***** Material provided
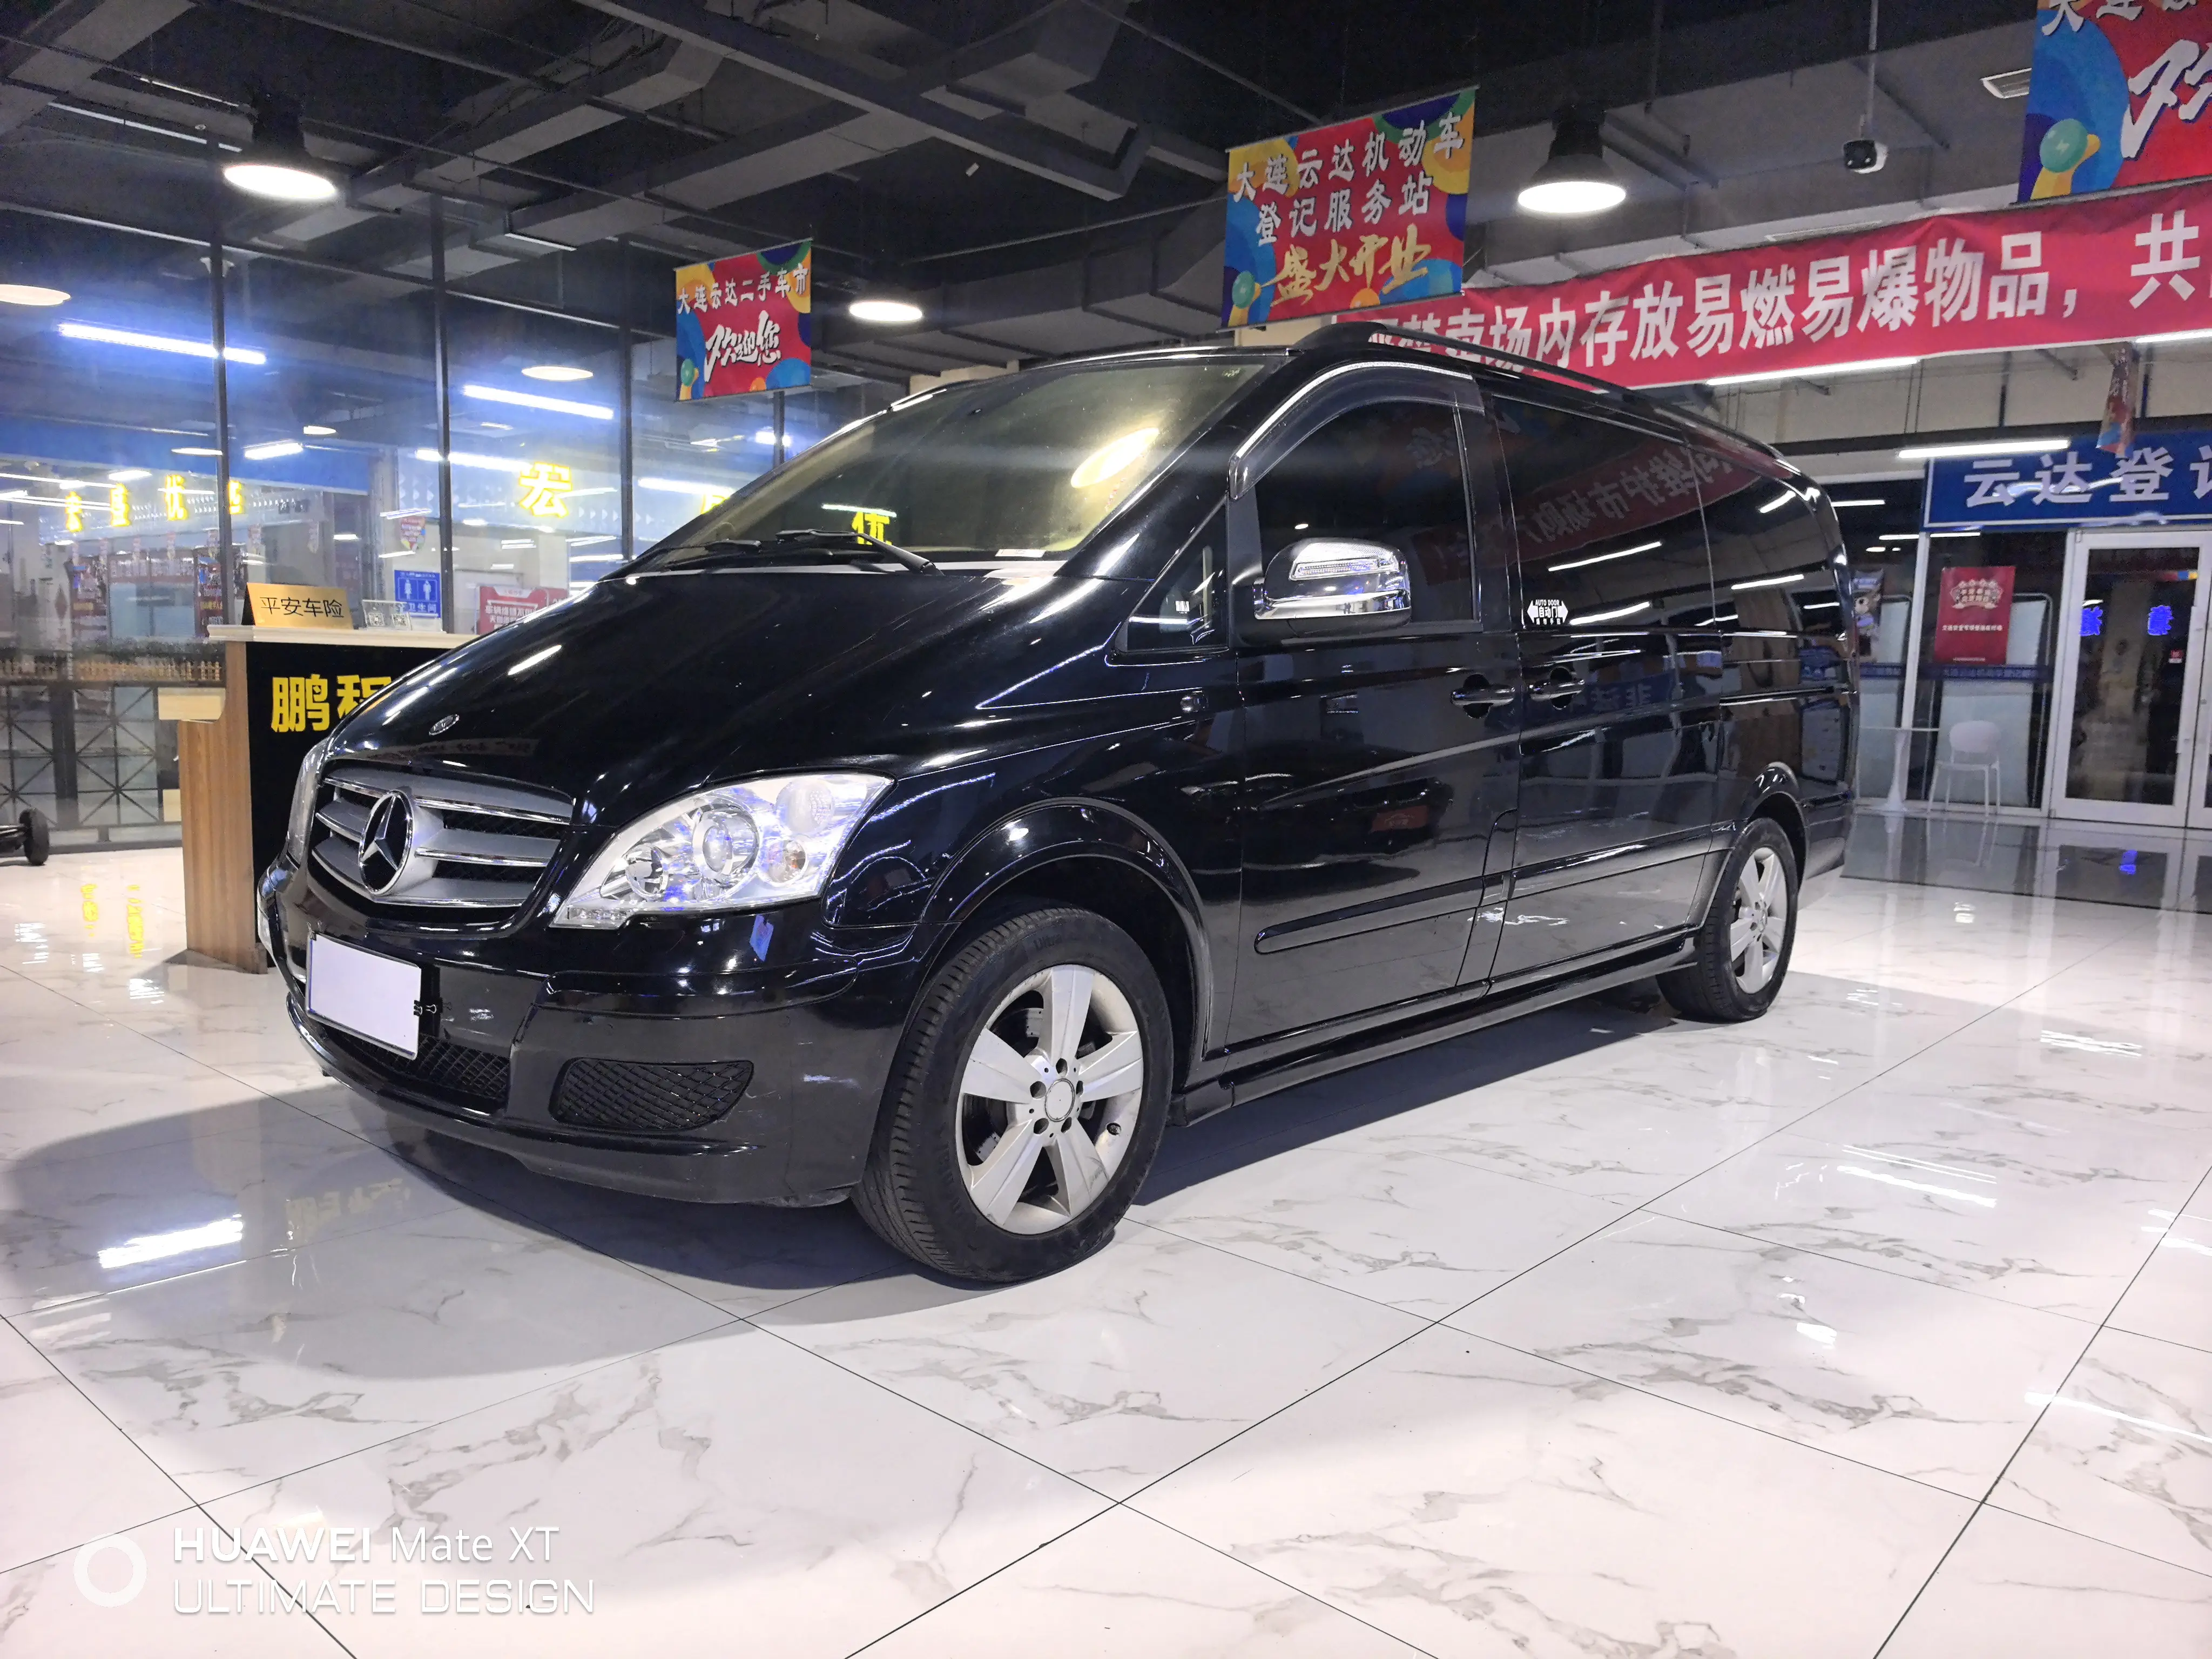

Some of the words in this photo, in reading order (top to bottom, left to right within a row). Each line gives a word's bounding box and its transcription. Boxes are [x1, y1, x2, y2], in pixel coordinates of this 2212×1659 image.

[1256, 171, 1433, 246] 登记服务站
[1260, 222, 1431, 307] 盛大开业
[1368, 209, 2212, 373] 禁卖场内存放易燃易爆物品，共
[704, 310, 781, 383] 欢迎您
[260, 597, 344, 618] 平安车险
[408, 602, 436, 613] 卫生间
[1539, 605, 1557, 618] 自动门
**********
• Required work: Word for word, restate all of the data, but do not copy the pictures.

• Task result:
Some of the words in this photo, in reading order (top to bottom, left to right within a row). Each line gives a word's bounding box and its transcription. Boxes are [x1, y1, x2, y2], in pixel coordinates of this 2212×1659 image.

[1256, 171, 1433, 246] 登记服务站
[1260, 222, 1431, 307] 盛大开业
[1368, 209, 2212, 373] 禁卖场内存放易燃易爆物品，共
[704, 310, 781, 383] 欢迎您
[260, 597, 344, 618] 平安车险
[408, 602, 436, 613] 卫生间
[1539, 605, 1557, 618] 自动门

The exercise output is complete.